La hija eterna está unida por el cordón umbilical de la autoficción con sus dos anteriores filmes y por eso conviene rememorar de dónde nacen los personajes principales de una historia que explora el amor maternofilial más allá de los límites de la realidad, recordándonos de una forma tan hermosa como dolorosa el insondable enigma de un vínculo marcado por el amor, pero también por un inevitable temor: para una hija su madre es un espejo nada fácil de cruzar sin quedar atrapada de por vida.
El personaje principal de The Souvenir I y II era Julie Hart, alter ego de la directora que evocaba sus inicios en la escuela de cine y en el Londres de los ochenta a través de un idilio marcado por la tragedia de la heroína. Tilda Swinton y su hija en la vida real, Honor Swinton Byrne, interpretaban a madre-hija en su juventud para dar ahora un triple salto mortal en el tiempo hasta viajar a la madurez de la hija-cineasta y a la vejez de su sobria y flemática madre, ambas desdobladas esta vez en una descomunal Swinton.

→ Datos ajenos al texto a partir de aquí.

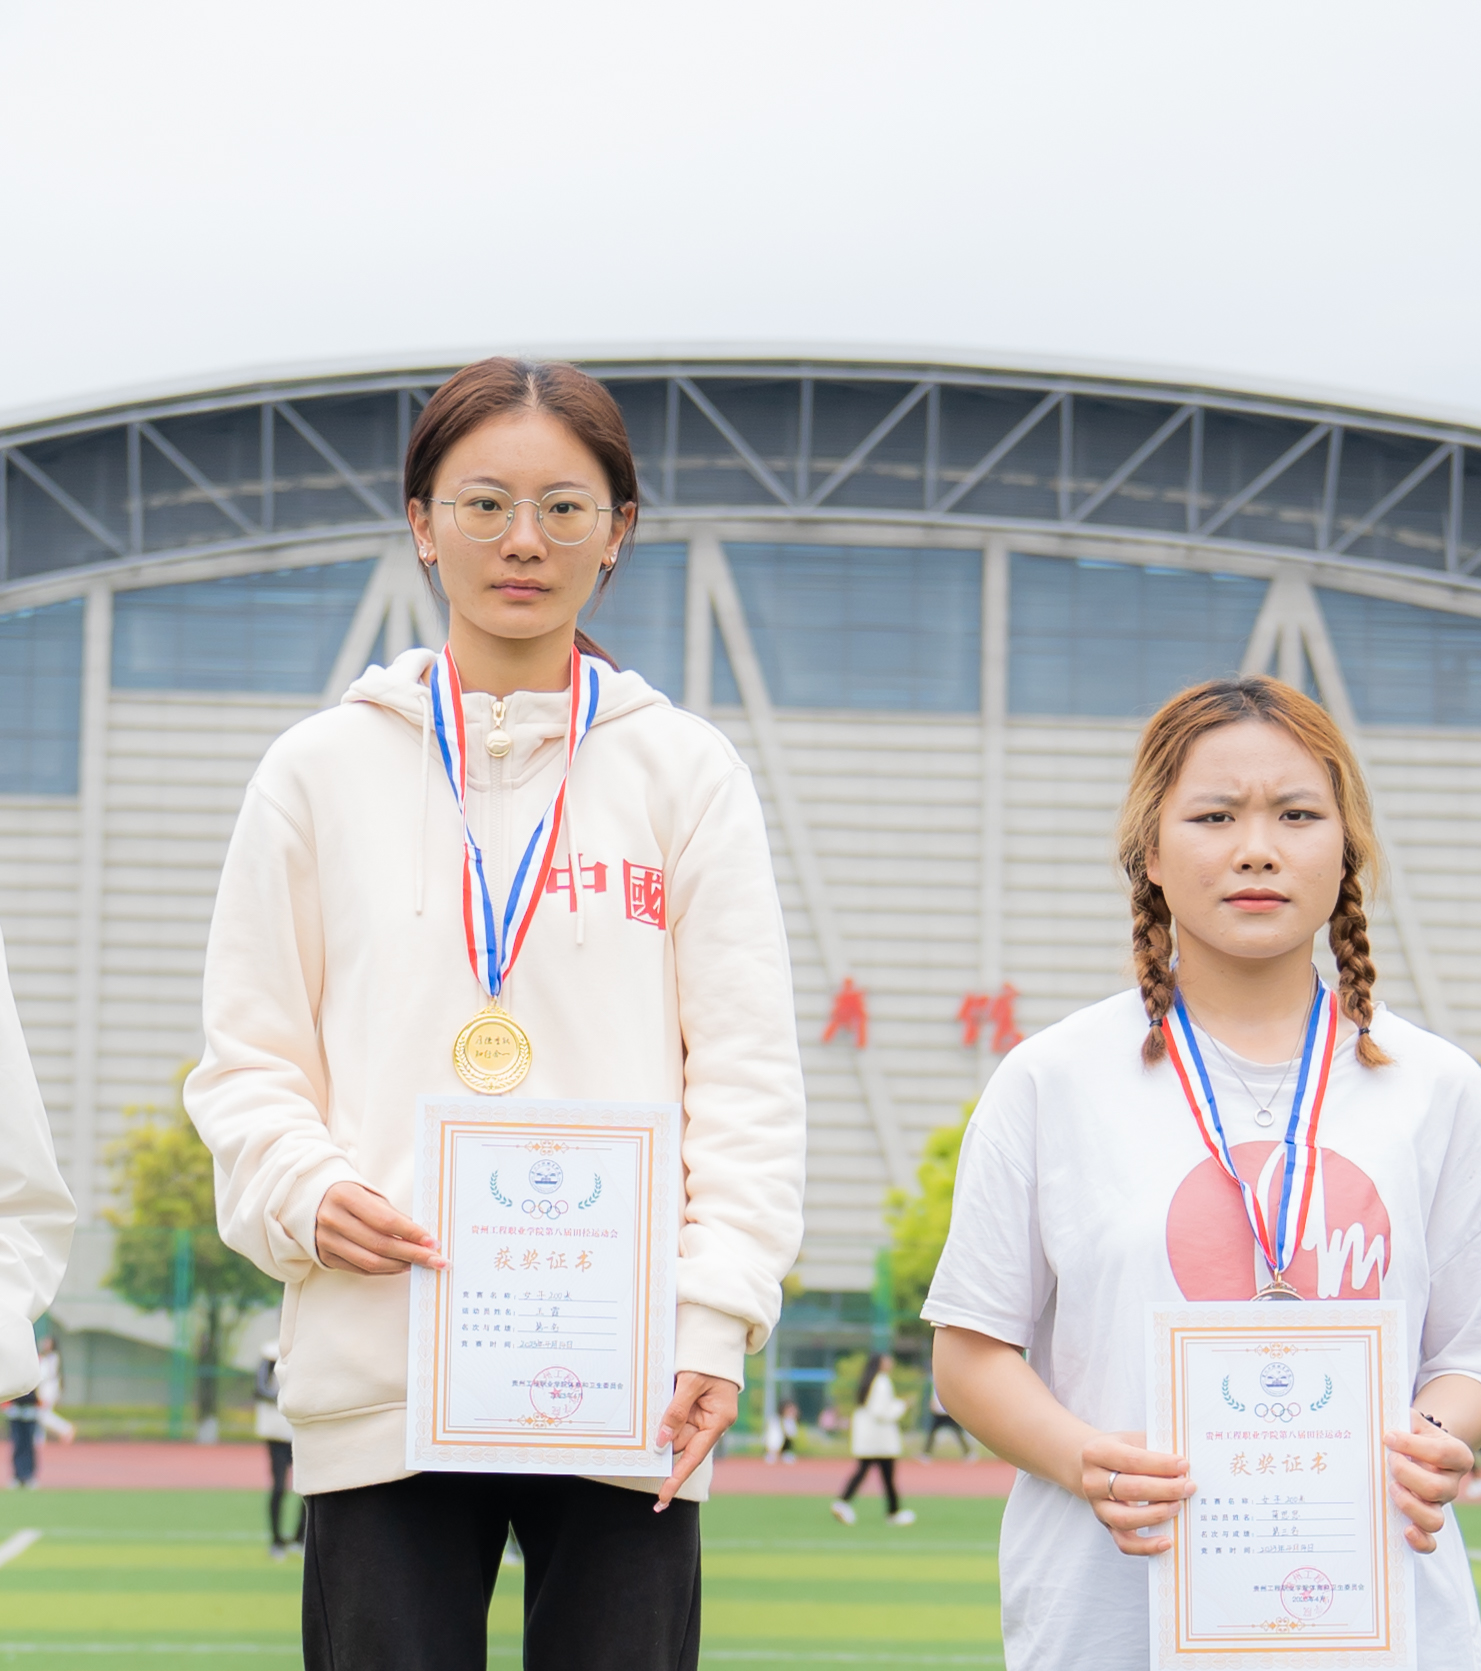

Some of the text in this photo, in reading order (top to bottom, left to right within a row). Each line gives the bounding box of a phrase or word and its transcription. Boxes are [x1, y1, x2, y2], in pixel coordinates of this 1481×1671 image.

[494, 1246, 594, 1273] 获奖证书
[1229, 1451, 1328, 1477] 获奖证书

La hija eterna se sitúa en el territorio de lo sobrenatural y fantasmagórico porque eso son también las relaciones maternofiliales, un arcano lleno de rincones secretos. Un lugar que remite a otra película reciente, la delicada Petite maman, obra maestra de la francesa Céline Sciamma que atrapaba con una poética insólita el desconsuelo madre-hija ante la orfandad. Hogg, desde la mirada vulnerable de la madurez, y Sciamma, desde la tierna audacia infantil, indagan en un nudo afectivo que el cine ha tratado, sobre todo, desde el drama y el melodrama, o desde patologías a lo Grey Gardens, y no tanto desde el incomparable amor que estas cineastas invocan desde las paredes de una vieja casa familiar.
En el caso de La hija eterna, lo doméstico está representado por el peso de la tradición a través de un viejo caserón en el campo. Un espacio reconvertido en hotel pero aún repleto de recuerdos y antepasados. Un laberinto de puertas y pasillos que permiten al espectador navegar por el tiempo, los estados de ánimo y las emociones de dos mujeres enfrentadas a su inseparable relato. Allí, madre e hija se mirarán de frente sin atreverse del todo a mirarse, acompañadas en todo momento por un perro que la maestría de Hogg convierte en un elemento clave para guiarnos entre las capas de un filme en el que la identidad también va ligada a la hermosa lealtad animal, una idea que, por ejemplo, también cruza el cine de la estadounidense Kelly Reichardt, y no solo cuando vivía su perra Lucy. Envuelta en la belleza de un cuento gótico, entre los trampantojos de paredes enteladas y pesadas cortinas, La hija eterna habla de vivos y muertos y de una mujer que transita por esa madriguera, real o figurada, que siempre habita una madre.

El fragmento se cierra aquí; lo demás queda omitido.